Olaudah Equiano's sister

When I sat down at the computer this morning I realised that I didn't know what happened to Olaudah Equiano's sister. So I turned to chapter II of his autobiography. They were kidnapped from their village by Africans, later separated, briefly reunited by coincidence and then never saw each other again. This separating of relatives was something that Equiano felt particularly strongly about. He writes:

I remember in the vessel* in which I was brought over, in the men's apartment, there were several brothers, who, in the sale, were sold in different lots; and it was very moving on this occasion to see and hear their cries at parting. O, ye nominal Christians! might not an African ask you, learned you this from your God, who says unto you, Do unto all men as you would men should do unto you? Is it not enough that we are torn from our country and friends to toil for your luxury and lust of gain? Must every tender feeling be likewise sacrificed to your avarice? Are the dearest friends and relations, now rendered more dear by their separation from their kindred, still to be parted from each other, and thus prevented from cheering the gloom of slavery with the small comfort of being together and mingling their sufferings and sorrows? Why are parents to lose their children, brothers their sisters, or husbands their wives? Surely this is a new refinement in cruelty, which, while it has no advantage to atone for it, thus aggravates distress, and adds fresh horrors even to the wretchedness of slavery.
* The slave ship.

If Carretta is correct then this part of the autobiography is fictional. When I read it I felt that Equiano was actually there. Even if he wasn't he must have taken his account from the experiences of other slaves he had met. That means that whichever way you look at it the first chapters are a true story.

7 Comments:

Anonymous Anonymous said...

I saw this story about present-day slavery in Haiti on the Guardian website today which just goes to show how important an understanding of history is.
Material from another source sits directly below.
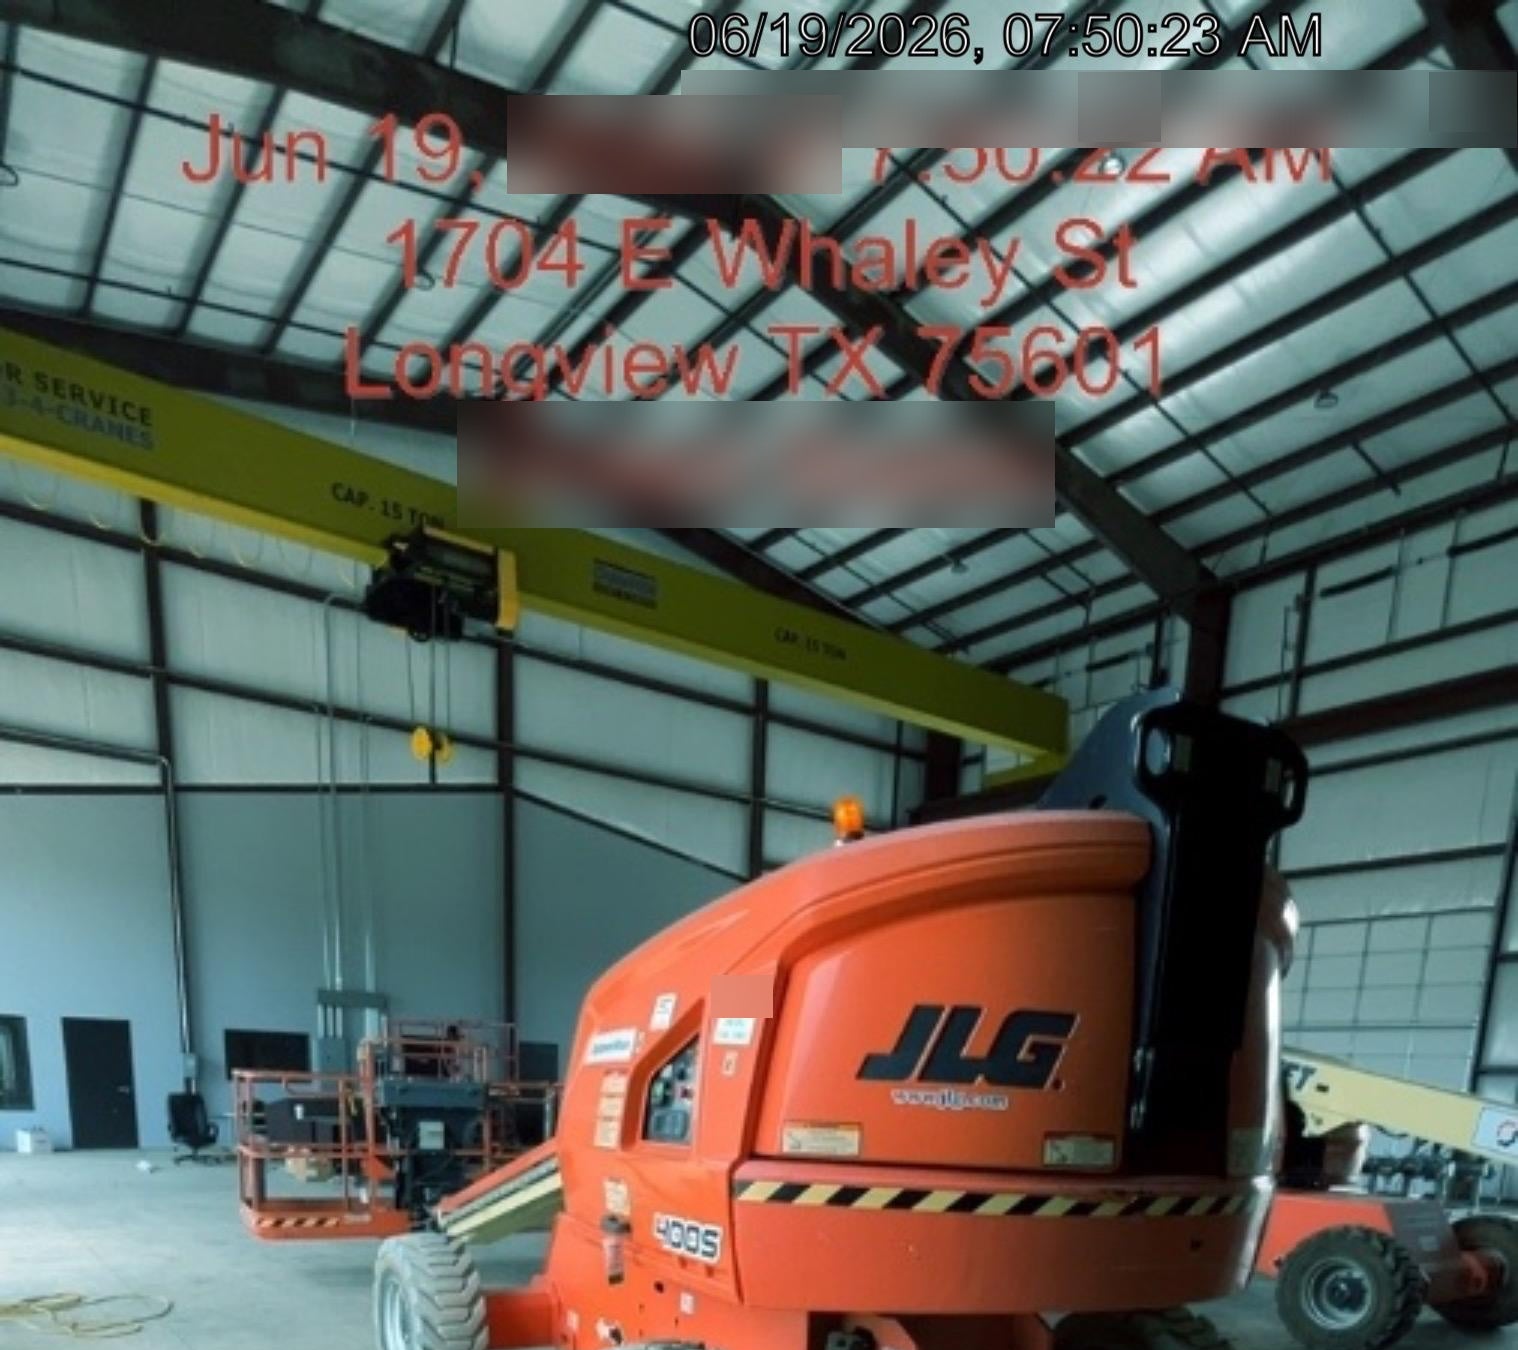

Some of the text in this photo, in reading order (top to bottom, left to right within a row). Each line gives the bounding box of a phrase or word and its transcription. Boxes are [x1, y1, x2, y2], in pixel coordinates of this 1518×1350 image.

[33, 369, 154, 428] SERVICE
[381, 498, 403, 520] 15
[856, 1004, 1080, 1090] JLG
[655, 1214, 720, 1259] 400S
Excellent blog. Keep up the good work. I particularly like your use of primary sources.

9:17 pm  
Blogger Jonathan Dresner said...

An epistemological quibble:
he must have taken his account from the experiences of other slaves he had met.
Not necessarily. That's one possible and plausible source, but we don't know that he availed himself of it. If he did, it would bolster the credibility of the (most probably) fabricated portions of the autobiography. Without evidence, though, we can't say that for sure.

6:30 am  
Blogger Mapo said...

Thank you anon.

Yes you caught me out there Jonathan. I couldn't have got away with a sweeping statement like that in my thesis.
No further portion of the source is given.